Il est renvoyé aux conclusions pour un exposé détaillé des demandes et des moyens en application des dispositions de l’article 455 du code de procédure civile.
MOTIFS :
A titre liminaire, il y a lieu de relever que si les parties sollicitent dans le dispositif de leurs écritures d’infirmer le jugement en ce qu’il a fixé le loyer à la somme de 580 euros à compter du 4 septembre 2019, seuls les époux [J] formulant par ailleurs une prétention à ce titre en demandant de rétablir le montant du loyer à son montant initial, la cour d’appel d’Amiens a définitivement statué sur ce point en infirmant le jugement entrepris et en rejetant la demande de réduction du loyer de Mme [G].
En effet, cette disposition n’a pas été remise en cause par l’arrêt de la Cour de cassation qui a seulement cassé l’arrêt de la cour d’appel d’Amiens du 13 septembre 2022 en ce qu’il a rejeté les demandes de Mme [G] en remboursement de loyers et paiement de dommages-intérêts au titre de son préjudice de jouissance et en ce qu’il l’a condamnée à payer à M. et Mme [J] la somme de 2 000 euros sur le fondement de l’article 700 du code de procédure civile.
Pour rappel, l’arrêt de la Cour de cassation énonce que :
« Vu l’article 6, alinéa 1er, de la loi n° 89-462 du 6 juillet 1989, et l’article 1719 du code civil :
Selon ces textes, le bailleur est obligé, par la nature du contrat et sans qu’il soit besoin d’aucune stipulation particulière, de délivrer au locataire un logement décent.
Pour rejeter les demandes de la locataire, l’arrêt retient que des travaux ont été entrepris par les bailleurs dès la prise d’effet du bail afin de remédier à l’état dégradé de nombreux éléments de la maison mentionné dans l’état des lieux d’entrée, que la locataire a dissuadé les bailleurs de poursuivre les travaux à partir de 2015, qu’elle ne leur a adressé aucune réclamation ou mise en demeure de remédier aux désordres et qu’elle est pour partie responsable, par ses agissements et ceux des occupants de son chef, de l’humidité importante constatée par l’expert en 2019 dans le logement.
En statuant ainsi, par des motifs inopérants, et sans caractériser un événement de force majeure, seul de nature à exonérer le bailleur de son obligation de délivrance d’un logement décent pendant la durée du contrat de bail, la cour d’appel a violé les textes susvisés. »

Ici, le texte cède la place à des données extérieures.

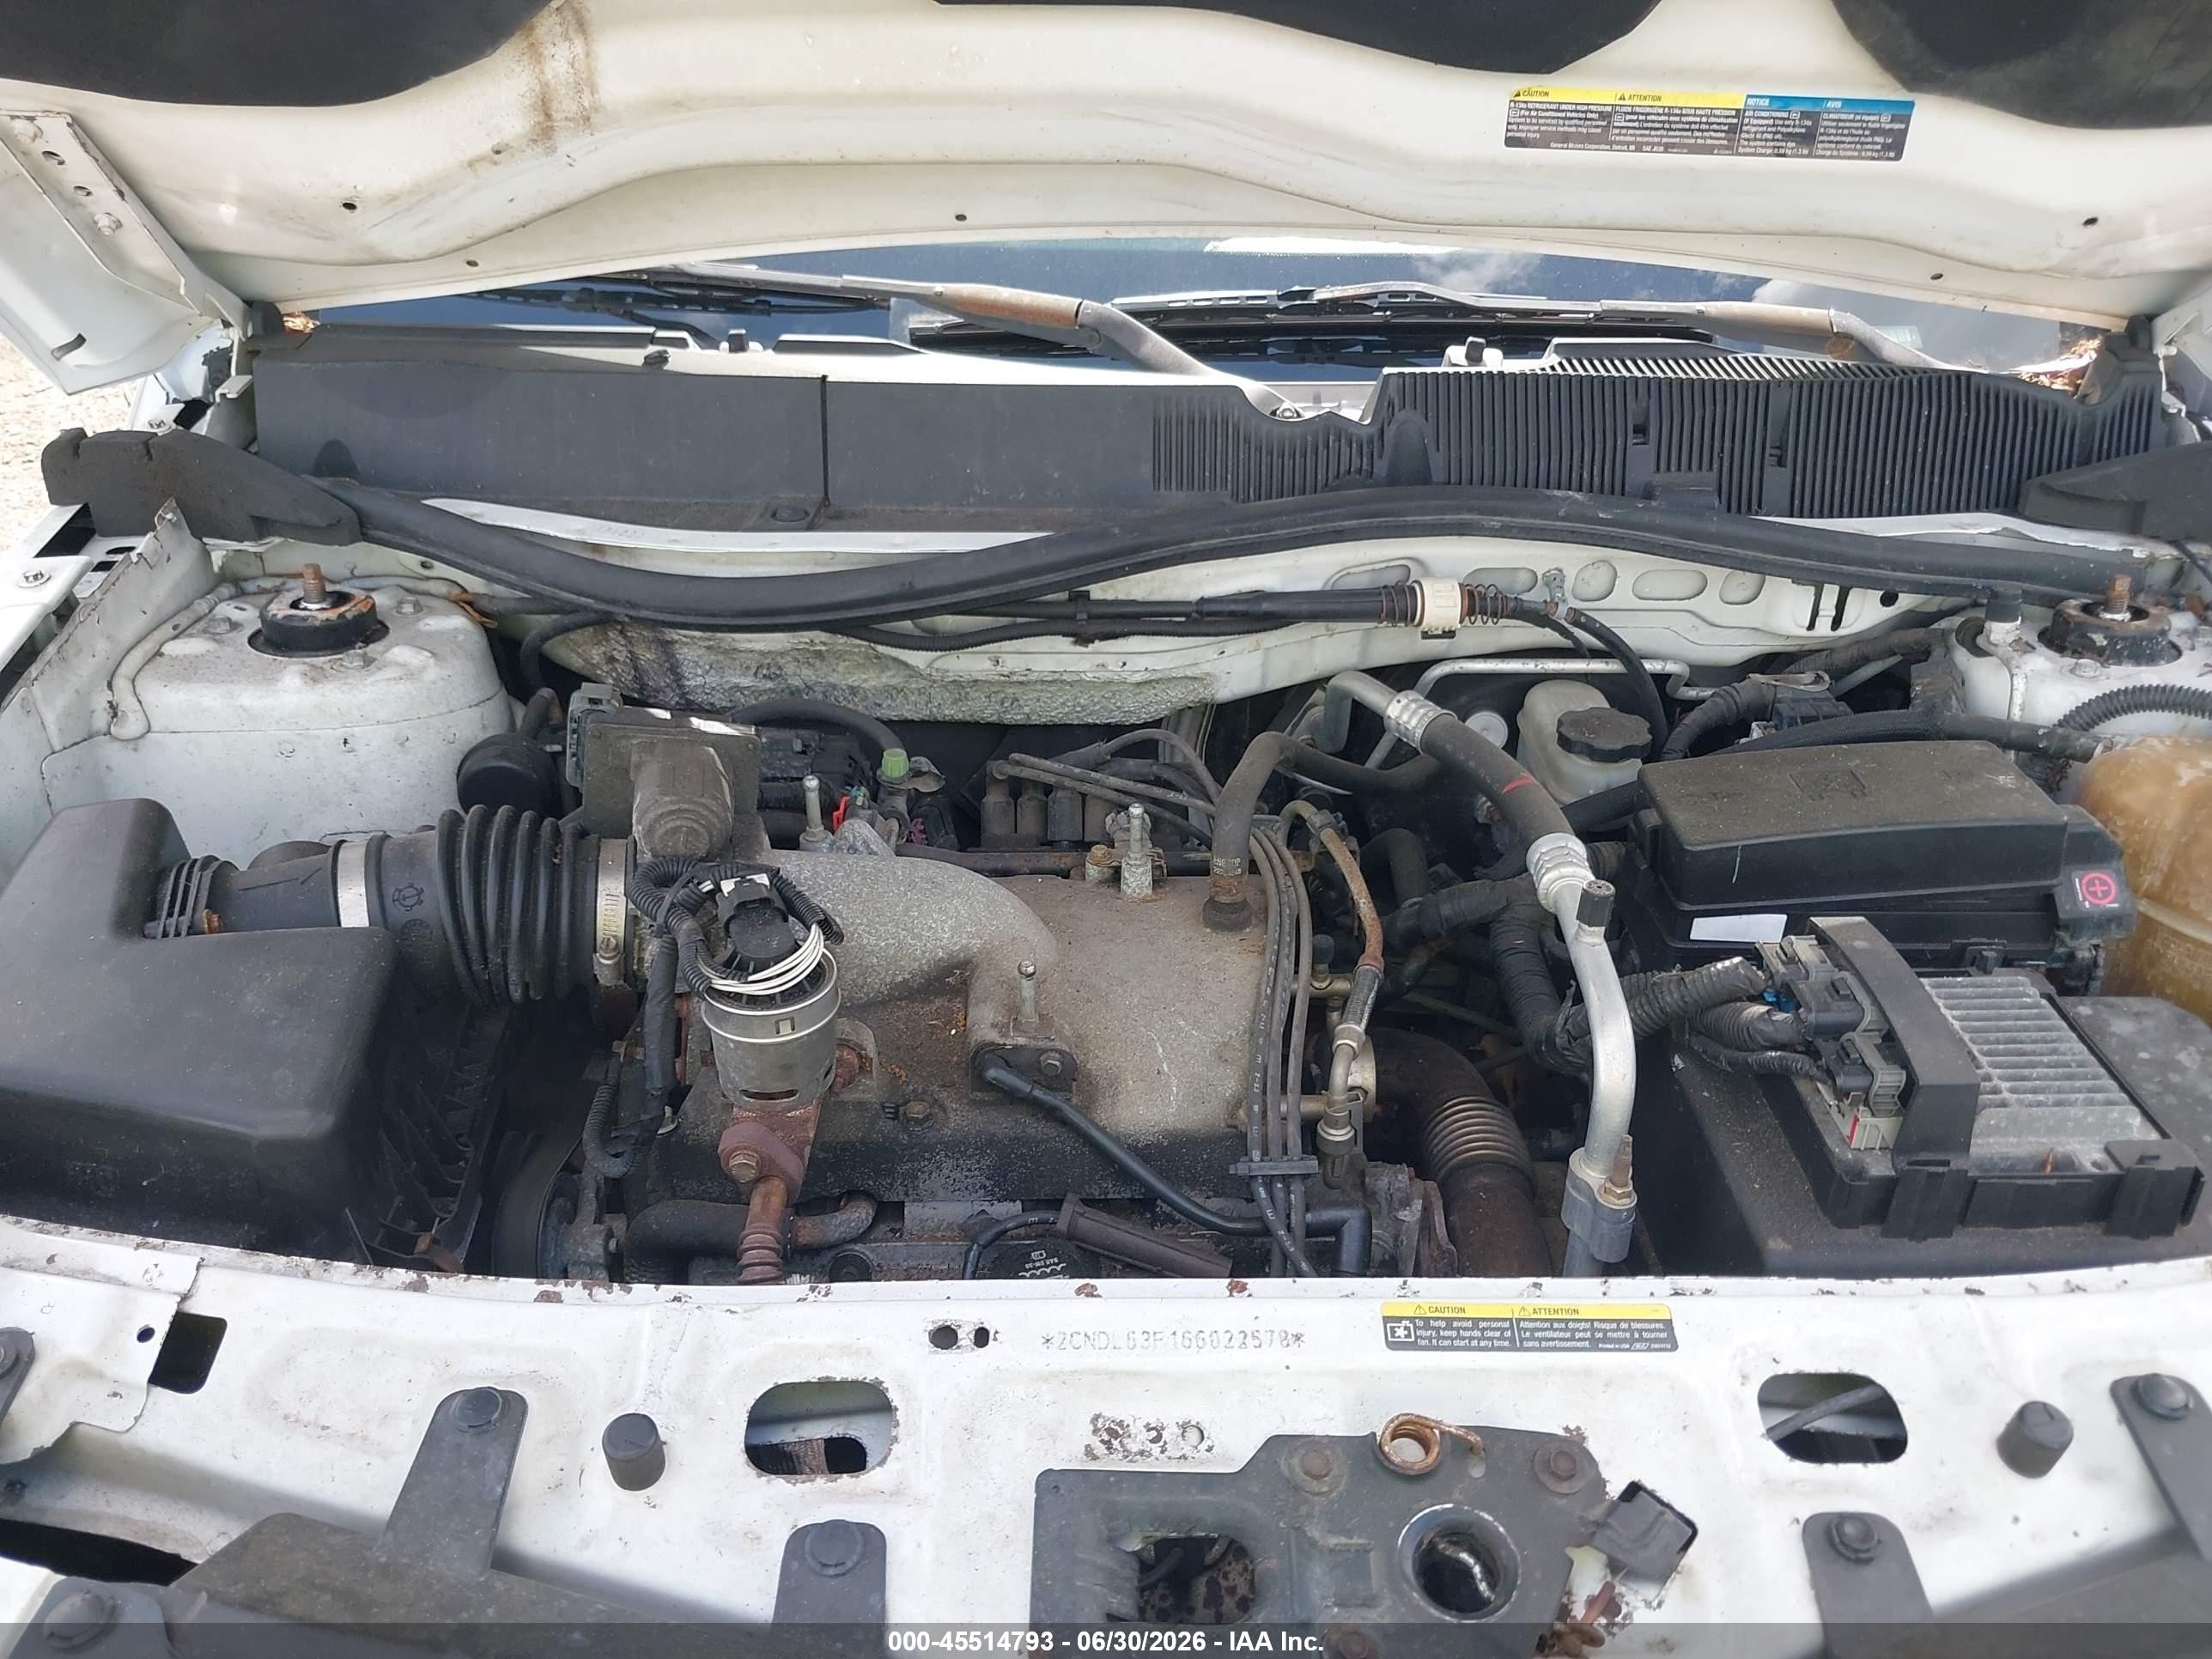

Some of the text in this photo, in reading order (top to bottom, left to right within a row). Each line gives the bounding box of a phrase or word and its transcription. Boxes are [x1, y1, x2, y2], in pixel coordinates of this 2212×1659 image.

[1430, 1319, 1445, 1328] help
[1479, 1320, 1510, 1328] personal
[1568, 1321, 1591, 1330] doigts!
[1440, 1329, 1457, 1338] keep

Sur l’état d’indécence du logement :
L’article 6 de la loi n°89-462 du 6 juillet 1989 dispose que le bailleur est tenu de remettre au locataire un logement décent pas apparaître de risques manifestes pouvant porter atteinte à la sécurité physique ou à la santé, exempt de toute infestation d’espèces nuisibles et parasites, répondant à un critère de performance énergétique minimale et doté des éléments le rendant conforme à l’usage d’habitation.

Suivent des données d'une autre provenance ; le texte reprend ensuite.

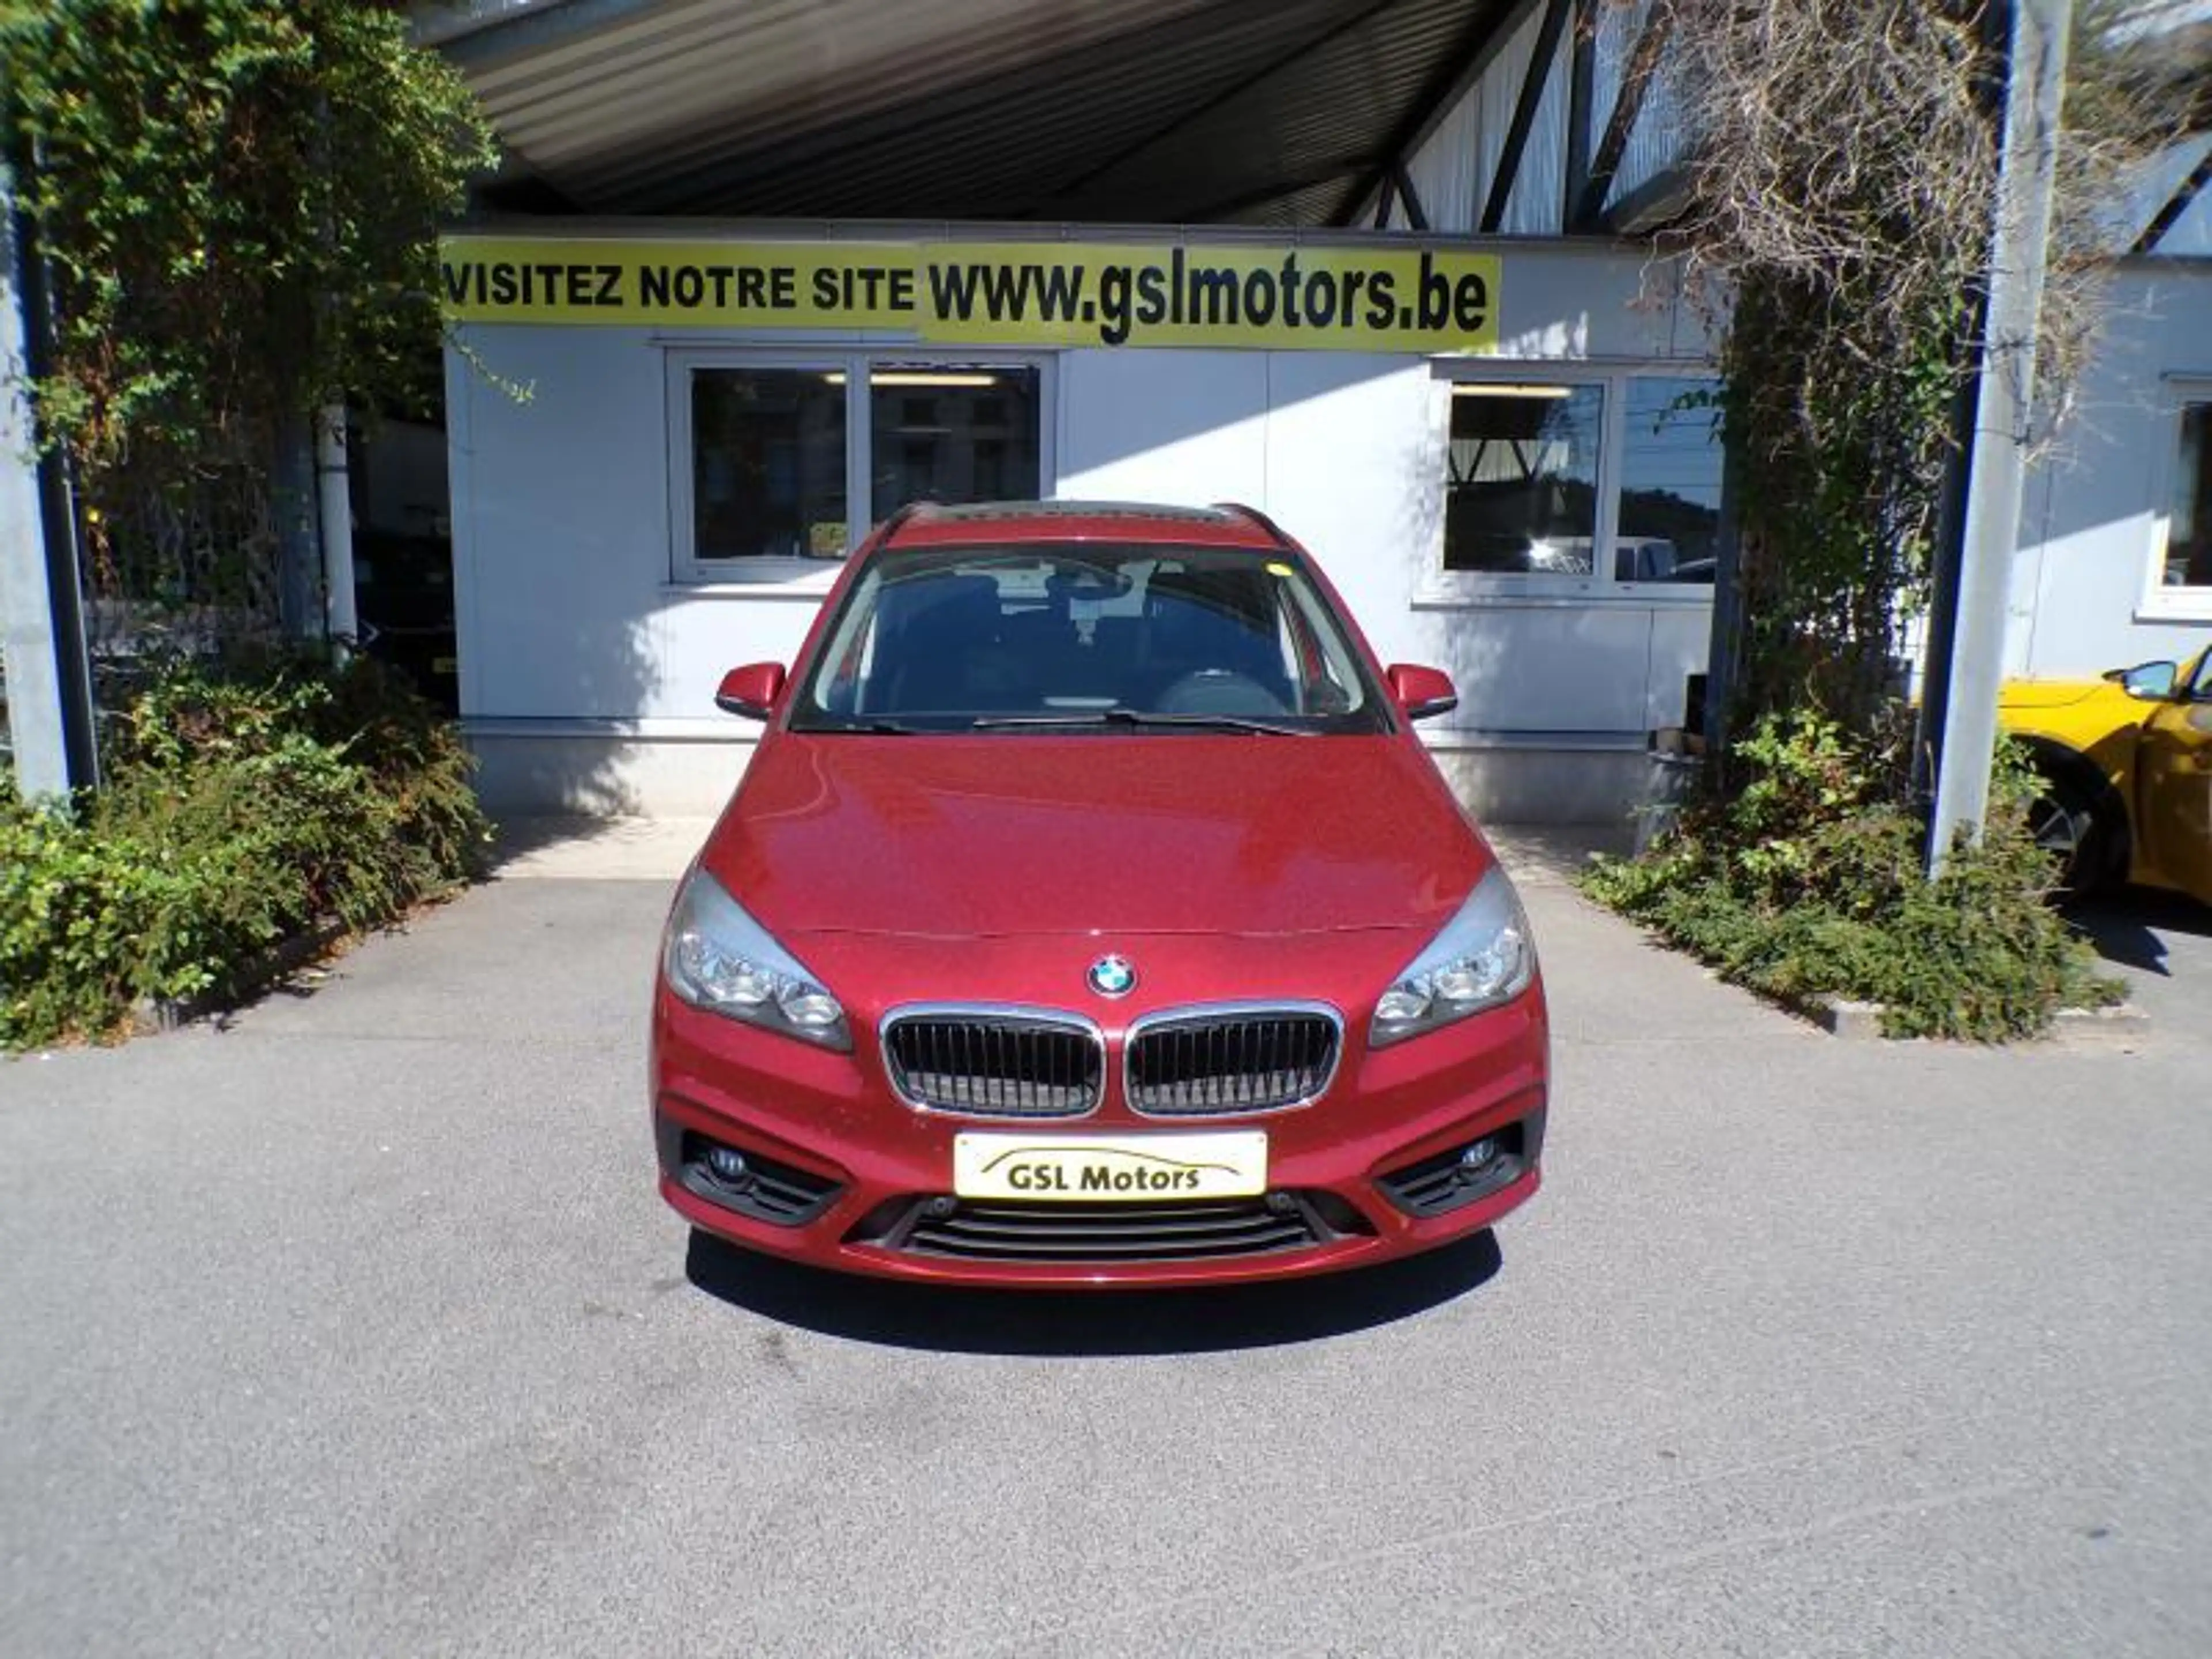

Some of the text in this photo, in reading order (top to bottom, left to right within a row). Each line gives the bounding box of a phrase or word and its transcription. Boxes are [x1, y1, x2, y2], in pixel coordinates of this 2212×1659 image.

Le décret n°2002-120 du 30 janvier 2002 vient préciser les caractéristiques auxquels un logement décent doit répondre ; le décret prévoit notamment que le logement doit assurer le clos et le couvert en protégeant les locaux contre les infiltrations et remontées d’eau, il doit comporter des dispositifs d’ouverture et de ventilation permettant un renouvellement de l’air adapté aux besoins d’une occupation normale du logement, il doit comporter un minimum d’éléments d’équipements et de confort notamment sanitaires, le système électrique doit être conforme aux normes de sécurité, les revêtements du logement ne doivent pas présenter de risques pour la santé, les pièces principales doivent bénéficier d’un éclairage naturel suffisant.
L’indemnisation du locataire pour trouble de jouissance subi du fait d’un manquement du bailleur à son obligation de délivrance d’un logement décent n’est pas subordonnée à une mise en demeure préalable (Cass. 3ème Civ., 4 juin 2014, n°13-12-314).
Seul un événement de force majeure peut exonérer le bailleur de son obligation de délivrance d’un logement décent pendant la durée du contrat de bail (3e Civ., 4 juin 2013, n 11-27.650).
L’article 7 de la loi du 6 juillet 1989 dispose que le locataire est obligé de :
d) De prendre à sa charge l’entretien courant du logement, des équipements mentionnés au contrat et les menues réparations ainsi que l’ensemble des réparations locatives définies par décret en Conseil d’Etat, sauf si elles sont occasionnées par vétusté, malfaçon, vice de construction, cas fortuit ou force majeure.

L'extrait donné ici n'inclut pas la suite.